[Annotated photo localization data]
::::::::

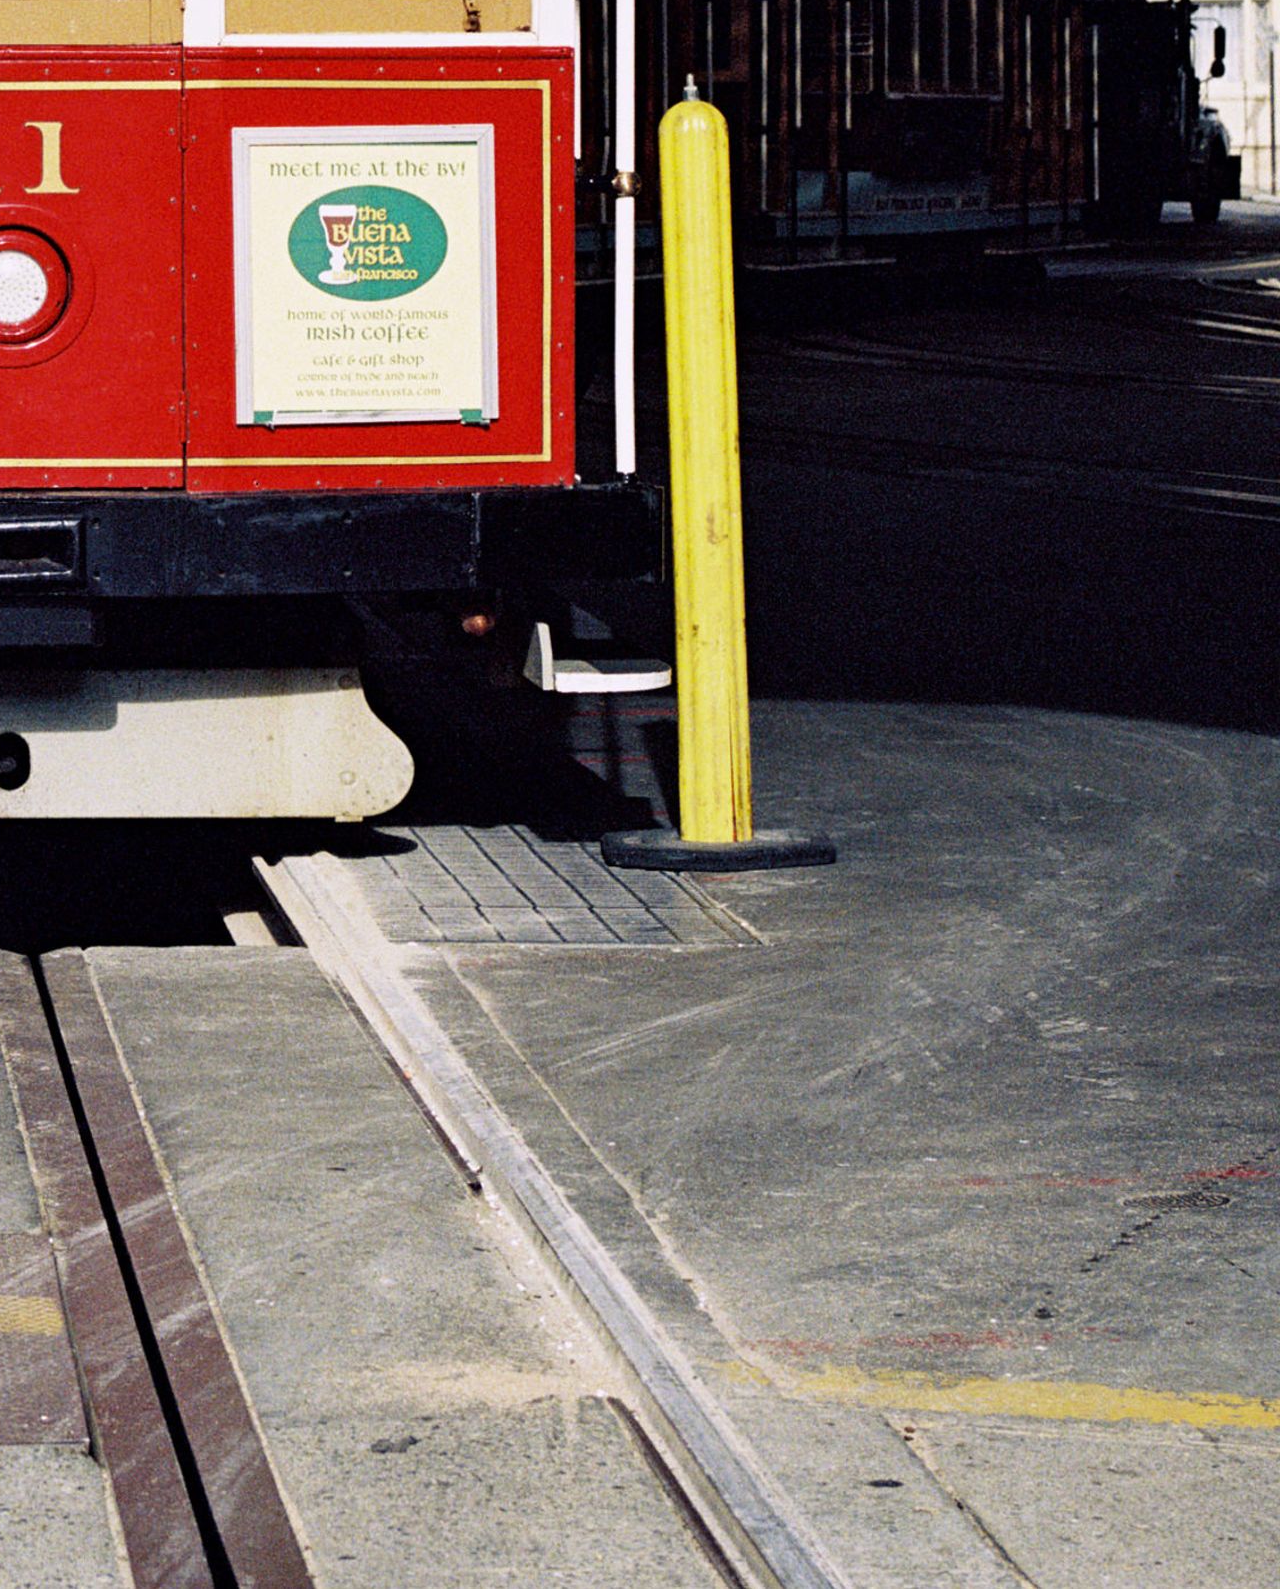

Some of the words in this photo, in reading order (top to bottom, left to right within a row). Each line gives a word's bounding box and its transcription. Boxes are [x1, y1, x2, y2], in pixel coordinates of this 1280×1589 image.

[269, 161, 323, 177] meet
[330, 162, 361, 177] me
[367, 161, 388, 177] at
[395, 159, 430, 177] the
[437, 161, 466, 177] BV!
[358, 205, 387, 222] the
[287, 310, 326, 321] home
[330, 309, 346, 322] of
[390, 353, 424, 368] shop

::::::::

**What to produce**
Reproduce all of the entries exactly as they appear, though any picture they include must be omitted.

**Answer to this exercise**
Some of the words in this photo, in reading order (top to bottom, left to right within a row). Each line gives a word's bounding box and its transcription. Boxes are [x1, y1, x2, y2], in pixel coordinates of this 1280×1589 image.

[269, 161, 323, 177] meet
[330, 162, 361, 177] me
[367, 161, 388, 177] at
[395, 159, 430, 177] the
[437, 161, 466, 177] BV!
[358, 205, 387, 222] the
[287, 310, 326, 321] home
[330, 309, 346, 322] of
[390, 353, 424, 368] shop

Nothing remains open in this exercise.